Johnson Mahlon D, Mitchell Alex R, Troup E Christopher, Bhowmick Deb A, Wait Scott D, Aulino Joseph, Zhuang Zhengping, Weil Robert J
Department of Pathology, Vanderbilt University School of Medicine, Nashville, Tenn., USA.

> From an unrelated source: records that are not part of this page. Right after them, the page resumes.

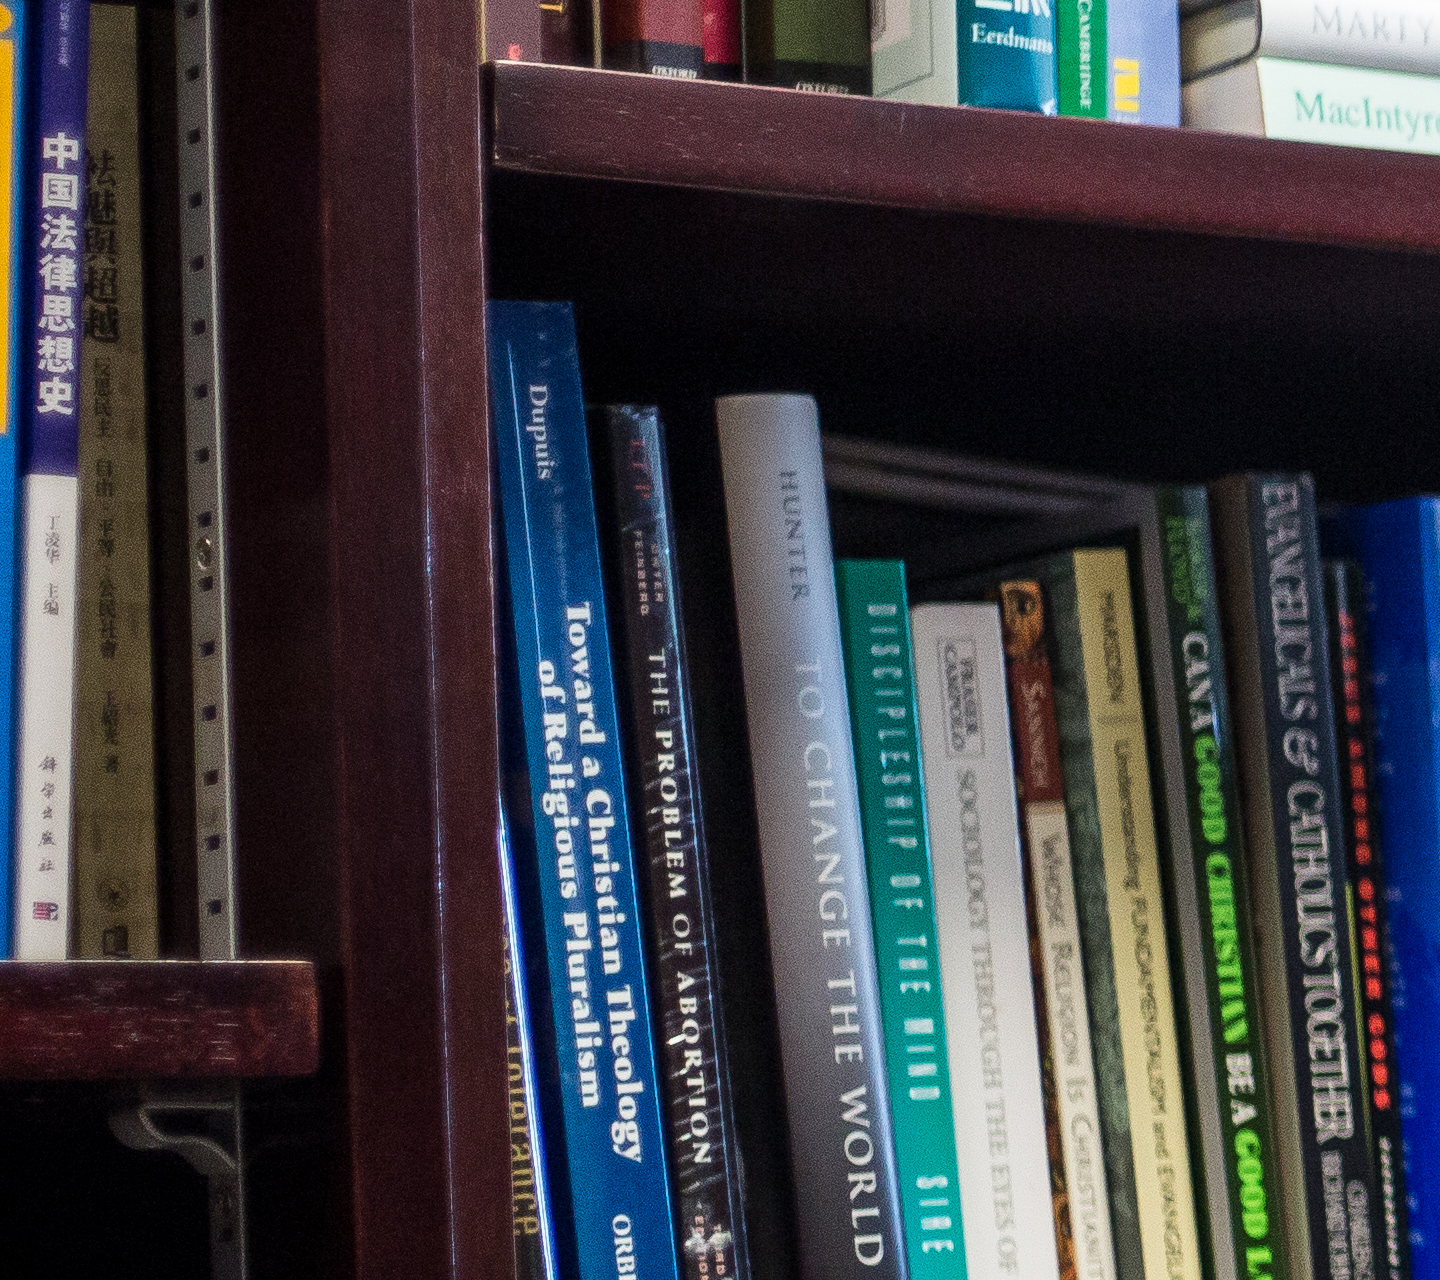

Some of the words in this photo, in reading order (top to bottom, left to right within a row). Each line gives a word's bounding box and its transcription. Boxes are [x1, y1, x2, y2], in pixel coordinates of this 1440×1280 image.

[38, 131, 81, 414] 中国法律思想史
[523, 383, 555, 481] Dupuis
[779, 470, 811, 602] HUNTER
[1261, 481, 1319, 720] EVANGELICALS
[537, 660, 567, 702] of
[564, 602, 606, 745] Toward
[648, 648, 670, 715] THE
[796, 661, 825, 719] TO
[867, 604, 918, 849] DISCIPLESHIP
[1181, 630, 1212, 703] CAN
[541, 711, 580, 899] Religious
[581, 756, 604, 778] a
[654, 728, 687, 899] PROBLEM
[1193, 734, 1227, 844] GOOD
[1284, 728, 1320, 776] &
[585, 788, 629, 975] Christian
[803, 741, 851, 948] CHANGE
[890, 874, 923, 909] OF
[1286, 781, 1339, 969] CATHOLICS
[673, 913, 693, 956] OF
[895, 935, 932, 995] THE
[1204, 851, 1249, 1044] CHRISTIAN
[563, 913, 603, 1108] Pluralism
[605, 985, 646, 1163] Theology
[675, 972, 712, 1164] ABORTION
[825, 975, 864, 1065] THE
[968, 943, 997, 1090] THROUGH
[1225, 1052, 1255, 1096] BE
[1302, 969, 1355, 1145] TOGETHER
[839, 1086, 885, 1267] WORLD
[1230, 1099, 1258, 1128] A
[1234, 1130, 1271, 1241] GOOD

Pediatr Neurosurg. 2004 May-Jun;40(3):124-7. doi: 10.1159/000079854.
A 4-week-old child presented with lethargy, emesis, decreased spontaneous movements, and a bulging fontanelle. Neuroimaging demonstrated a large, hemispheric, multicystic lesion with multiple enhancing nodules, which, on pathological examination, proved to be multiple, distinct hemangioblastomas. Careful molecular analysis failed to reveal alterations of the VHL gene. This represents an uncommon presentation for these tumors and suggests that genes other than VHL may be important in the genesis of these tumors.
一名4周大的儿童出现嗜睡、呕吐、自主运动减少和囟门隆起。神经影像学检查显示一个大的、半球形的多囊性病变,有多个强化结节,病理检查证实为多个不同的血管母细胞瘤。仔细的分子分析未发现VHL基因改变。这是这些肿瘤不常见的表现,提示除VHL基因外的其他基因可能在这些肿瘤的发生中起重要作用。